**** Dataset records
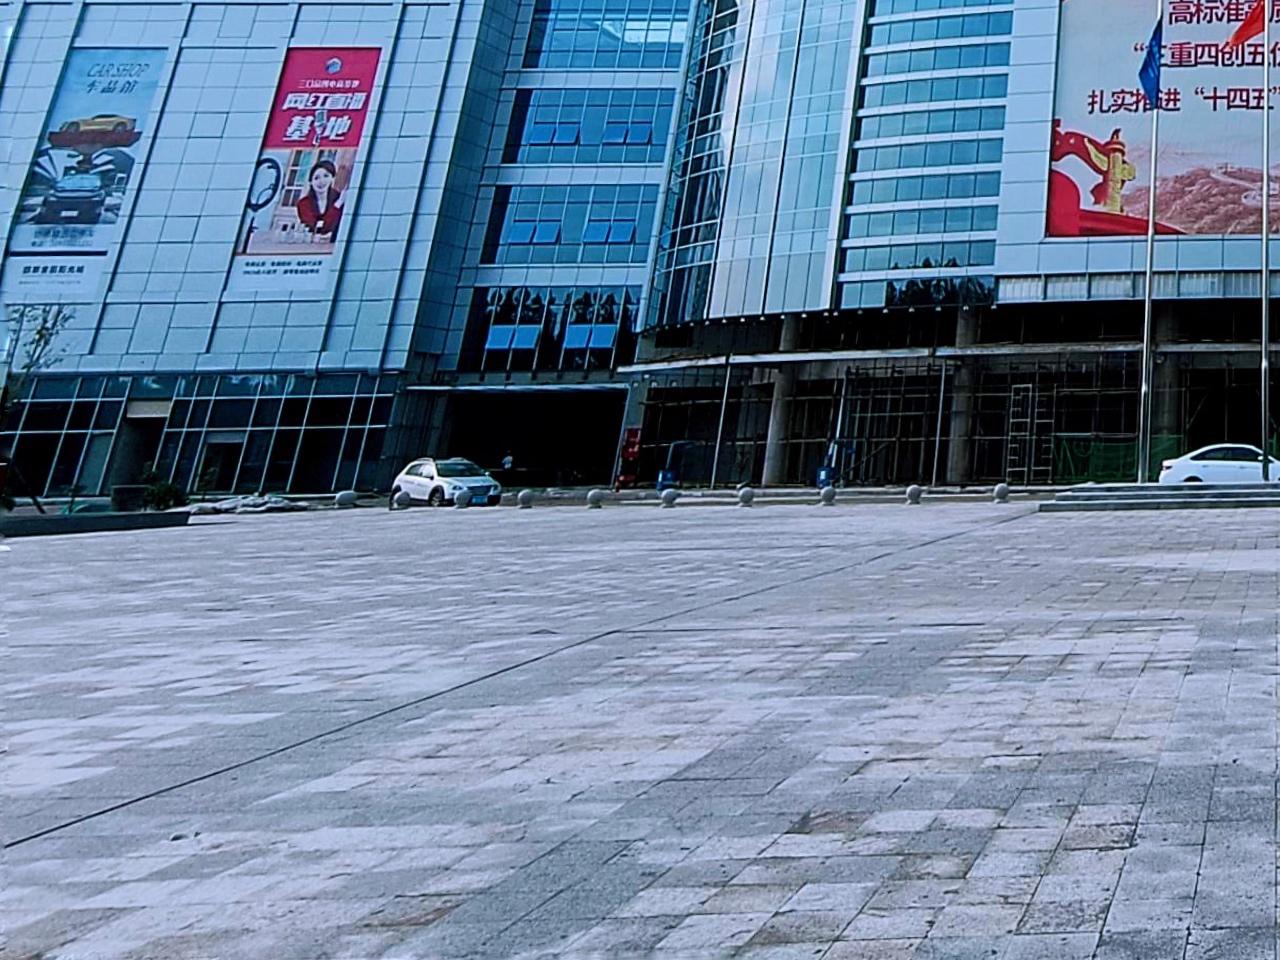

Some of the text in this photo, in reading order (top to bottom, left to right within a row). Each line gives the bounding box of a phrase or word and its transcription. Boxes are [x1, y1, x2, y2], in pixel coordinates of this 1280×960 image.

[282, 92, 367, 110] 网红直播
[282, 115, 351, 141] 基地
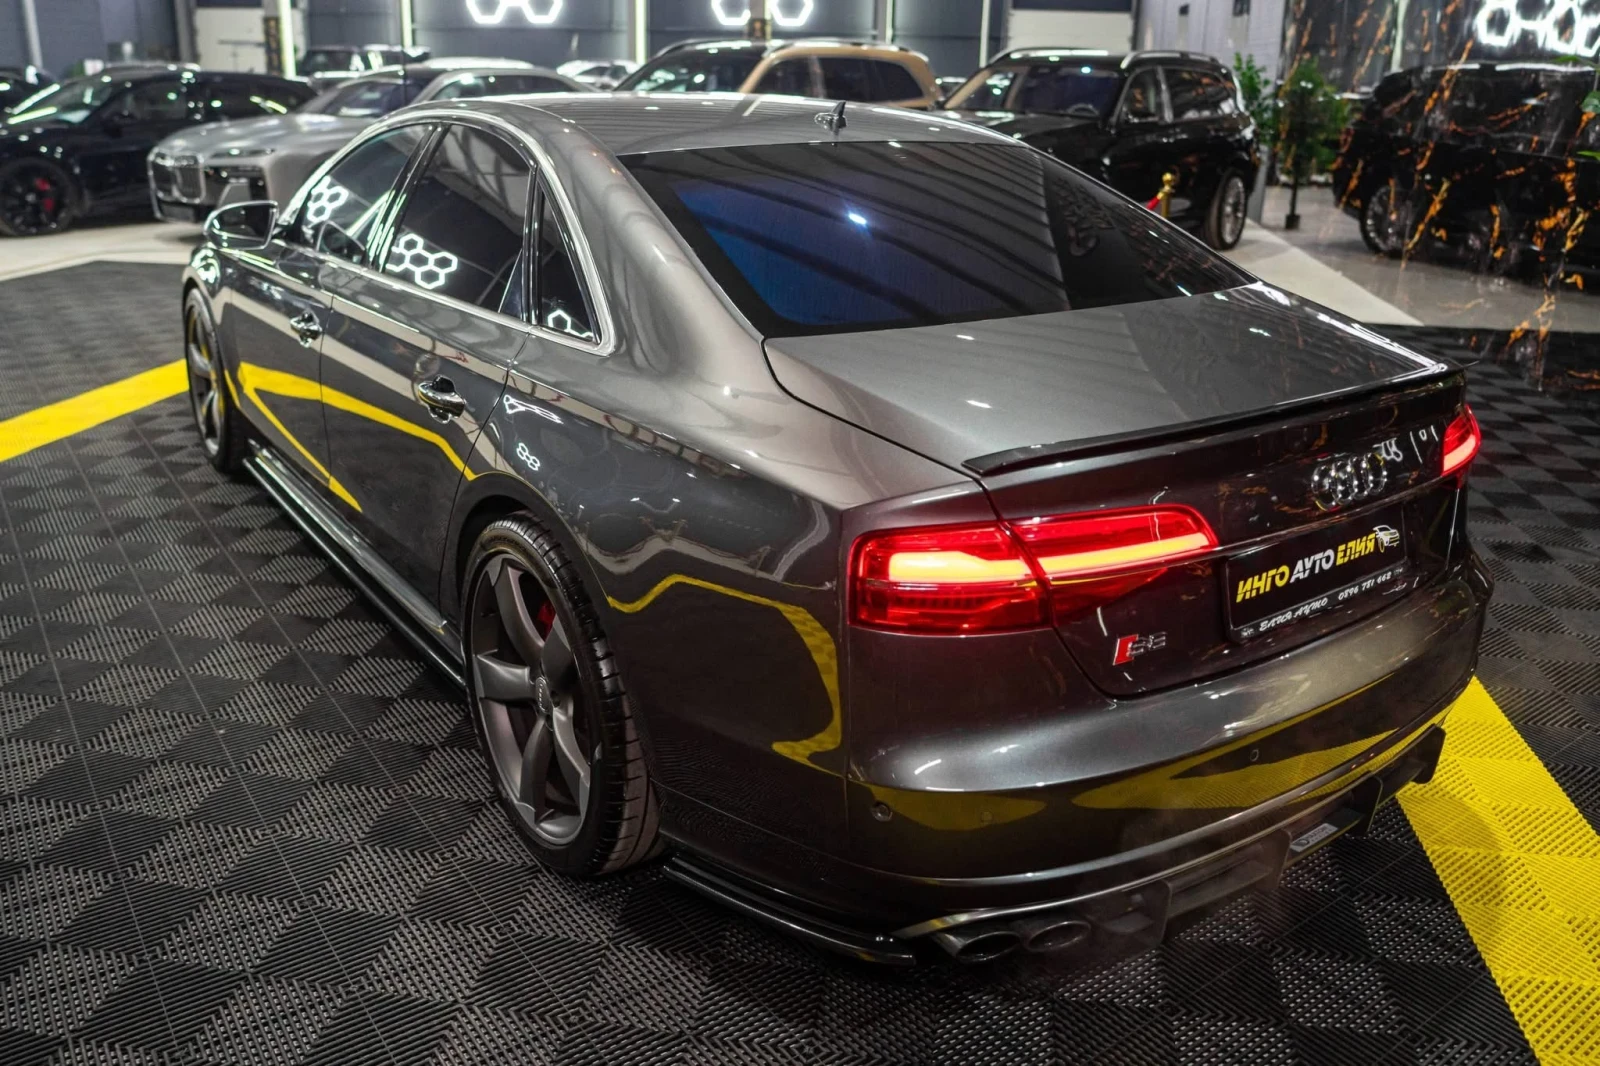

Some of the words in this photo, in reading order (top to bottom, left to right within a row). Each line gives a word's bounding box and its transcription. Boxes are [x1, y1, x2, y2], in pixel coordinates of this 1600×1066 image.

[1236, 565, 1290, 603] ИНГО
[1290, 549, 1335, 583] АУТО
[1336, 532, 1376, 566] ЕЛИЯ
********
**Work instructions:** Although the records contain pictures, transcribe only their text, exactly as written.

**Exercise response:**
Some of the text in this photo, in reading order (top to bottom, left to right within a row). Each line gives the bounding box of a phrase or word and its transcription. Boxes are [x1, y1, x2, y2], in pixel coordinates of this 1280×960 image.

[282, 92, 367, 110] 网红直播
[282, 115, 351, 141] 基地

Some of the words in this photo, in reading order (top to bottom, left to right within a row). Each line gives a word's bounding box and its transcription. Boxes are [x1, y1, x2, y2], in pixel coordinates of this 1600×1066 image.

[1236, 565, 1290, 603] ИНГО
[1290, 549, 1335, 583] АУТО
[1336, 532, 1376, 566] ЕЛИЯ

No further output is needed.